I bought my first digital SLR many years ago after waiting for the quality to improve and the price to drop. It was right on the cusp of it, because prior to the Canon 10D reports suggested DSLRs were inferior to film and they were too expensive. The reason why the first sensors were cropped in size is because they were so expensive to manufacture.

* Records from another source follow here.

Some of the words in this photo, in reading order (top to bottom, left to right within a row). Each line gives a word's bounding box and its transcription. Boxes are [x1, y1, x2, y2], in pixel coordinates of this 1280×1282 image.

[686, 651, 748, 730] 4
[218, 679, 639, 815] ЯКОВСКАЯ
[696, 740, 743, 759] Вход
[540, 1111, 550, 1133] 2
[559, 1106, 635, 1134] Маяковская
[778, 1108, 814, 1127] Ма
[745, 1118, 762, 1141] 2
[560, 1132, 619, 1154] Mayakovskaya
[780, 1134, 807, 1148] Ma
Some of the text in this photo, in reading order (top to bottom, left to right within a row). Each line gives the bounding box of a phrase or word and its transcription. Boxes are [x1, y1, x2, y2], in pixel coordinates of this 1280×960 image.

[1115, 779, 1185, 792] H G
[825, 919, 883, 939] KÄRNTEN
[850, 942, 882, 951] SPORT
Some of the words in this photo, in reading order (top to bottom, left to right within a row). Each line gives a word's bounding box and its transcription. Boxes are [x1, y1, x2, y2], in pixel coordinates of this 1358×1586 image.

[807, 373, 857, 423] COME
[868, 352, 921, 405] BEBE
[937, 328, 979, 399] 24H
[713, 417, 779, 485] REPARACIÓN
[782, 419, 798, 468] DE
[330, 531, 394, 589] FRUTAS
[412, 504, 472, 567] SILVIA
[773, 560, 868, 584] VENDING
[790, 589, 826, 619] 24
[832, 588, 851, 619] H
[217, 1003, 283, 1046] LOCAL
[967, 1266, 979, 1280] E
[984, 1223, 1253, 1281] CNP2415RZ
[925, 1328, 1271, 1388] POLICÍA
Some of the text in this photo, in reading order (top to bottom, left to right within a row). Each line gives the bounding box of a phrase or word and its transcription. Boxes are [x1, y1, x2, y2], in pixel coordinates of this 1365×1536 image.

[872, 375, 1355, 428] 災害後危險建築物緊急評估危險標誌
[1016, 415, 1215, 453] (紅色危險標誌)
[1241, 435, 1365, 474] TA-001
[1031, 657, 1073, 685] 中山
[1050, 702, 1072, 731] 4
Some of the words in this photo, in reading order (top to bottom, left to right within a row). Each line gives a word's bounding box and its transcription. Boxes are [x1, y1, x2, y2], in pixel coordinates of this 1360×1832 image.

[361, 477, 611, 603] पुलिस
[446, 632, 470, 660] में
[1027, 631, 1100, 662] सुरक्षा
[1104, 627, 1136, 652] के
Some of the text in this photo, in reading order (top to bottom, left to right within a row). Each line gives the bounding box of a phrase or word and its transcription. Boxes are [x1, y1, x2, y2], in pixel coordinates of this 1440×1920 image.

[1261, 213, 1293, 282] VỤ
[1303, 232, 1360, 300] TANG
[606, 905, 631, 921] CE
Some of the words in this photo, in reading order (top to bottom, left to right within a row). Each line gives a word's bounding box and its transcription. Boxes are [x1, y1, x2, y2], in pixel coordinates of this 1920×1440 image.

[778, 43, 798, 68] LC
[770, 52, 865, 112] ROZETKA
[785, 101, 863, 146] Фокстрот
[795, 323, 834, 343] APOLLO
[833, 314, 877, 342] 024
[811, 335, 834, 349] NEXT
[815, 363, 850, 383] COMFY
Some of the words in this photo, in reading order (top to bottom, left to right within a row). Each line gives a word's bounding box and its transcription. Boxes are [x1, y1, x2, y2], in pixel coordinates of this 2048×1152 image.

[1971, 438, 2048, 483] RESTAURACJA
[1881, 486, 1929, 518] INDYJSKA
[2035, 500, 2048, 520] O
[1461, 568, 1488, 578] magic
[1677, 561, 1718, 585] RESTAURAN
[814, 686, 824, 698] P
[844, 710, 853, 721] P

It was the same with full frame sensors concerning cost. Way too expensive. Then along came the Canon 5D and they became affordable. For a few years Canon pretty much dominated the market if image quality was your primary concern. Nikon would bring out a new model to equal Canon, then a month later another Canon model would set the benchmark again. Nikon eventually caught up and in some respects finally beat Canon. I don’t follow this stuff geekily but the D800 and D800E leapt ahead in resolution power and Canon stayed behind. The trouble is, you start working with excessive megapixels. Few people need that kind of resolution and if you don’t, you’re wasting storage space and the price of a computer which can handle those files. A photographer told me a few years ago clients were complaining his files were too big. If all you do is magazine editorial, even more so all you do is post pictures on the internet or make relatively small prints, a modest camera is fine.

Then came the Sony NEX and the Fuji X10, manufacturers finally providing good quality compacts after neglecting this part of the market. I tried them in a shop and the NEX felt good to use but not the Fuji. However the NEX has an APS sensor and struggles with wide angle lenses.

This for me is camera evolution. Your idea may differ because your values are different. We now see the Sony A7/R as the culmination of the above: it’s small, light, and very high quality.

I’m waiting for more reports. I have concerns about lenses and adaptors and using a Canon 17-40 or possibly a good Zeiss equivalent will be available. I need the wide angle. I shoot maybe 80% of my work at between 17 and 30 mm. I’ve seen reports suggesting the A7R which is the higher resolution version has video moire and aliasing. If true, it means it’s not in the same class as the Canon 5D3 which is disappointing. It is however a matter of degree. I don’t need super best quality in video and for other reasons – size, weight, quality – the new Sony models are going to be revolutionary.

I find it gratifying to see other cameras give Leica a good slap in the face. They are great cameras, we all know that, but they charge far too much for them. So take that! – because sales will now divert away from the M9 towards the A7/R. Not as solidly engineered but in several other respects better cameras and which will, if you’re lucky enough to have them, accept Leica lenses.